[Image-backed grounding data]
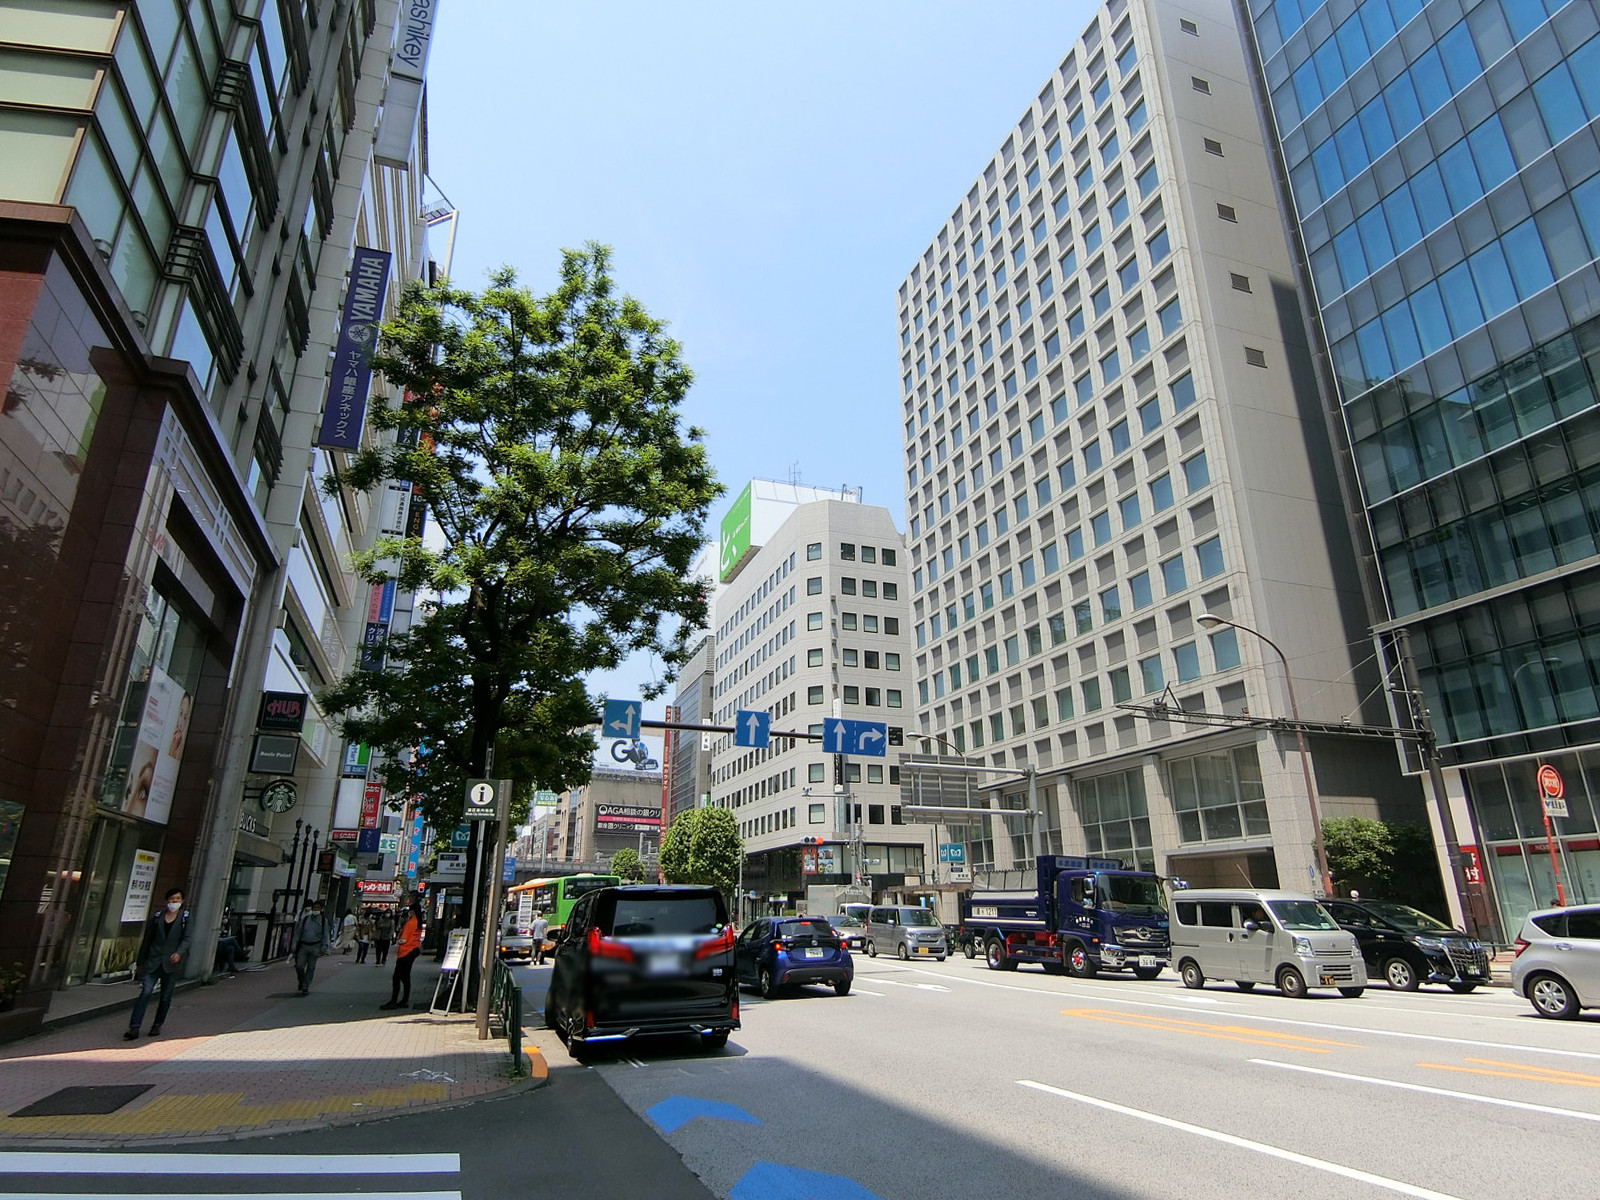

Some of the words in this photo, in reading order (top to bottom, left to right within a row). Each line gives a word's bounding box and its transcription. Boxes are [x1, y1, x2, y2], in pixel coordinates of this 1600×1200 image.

[350, 257, 384, 321] YAMAHA
[334, 350, 362, 439] ヤマハ銀座アネックス
[266, 699, 301, 718] HUB
[380, 838, 397, 849] 宝石

What is being asked => Although the records contain pictures, only the text should be copied, exactly as it stands.

Result of the exercise =>
Some of the words in this photo, in reading order (top to bottom, left to right within a row). Each line gives a word's bounding box and its transcription. Boxes are [x1, y1, x2, y2], in pixel coordinates of this 1600×1200 image.

[350, 257, 384, 321] YAMAHA
[334, 350, 362, 439] ヤマハ銀座アネックス
[266, 699, 301, 718] HUB
[380, 838, 397, 849] 宝石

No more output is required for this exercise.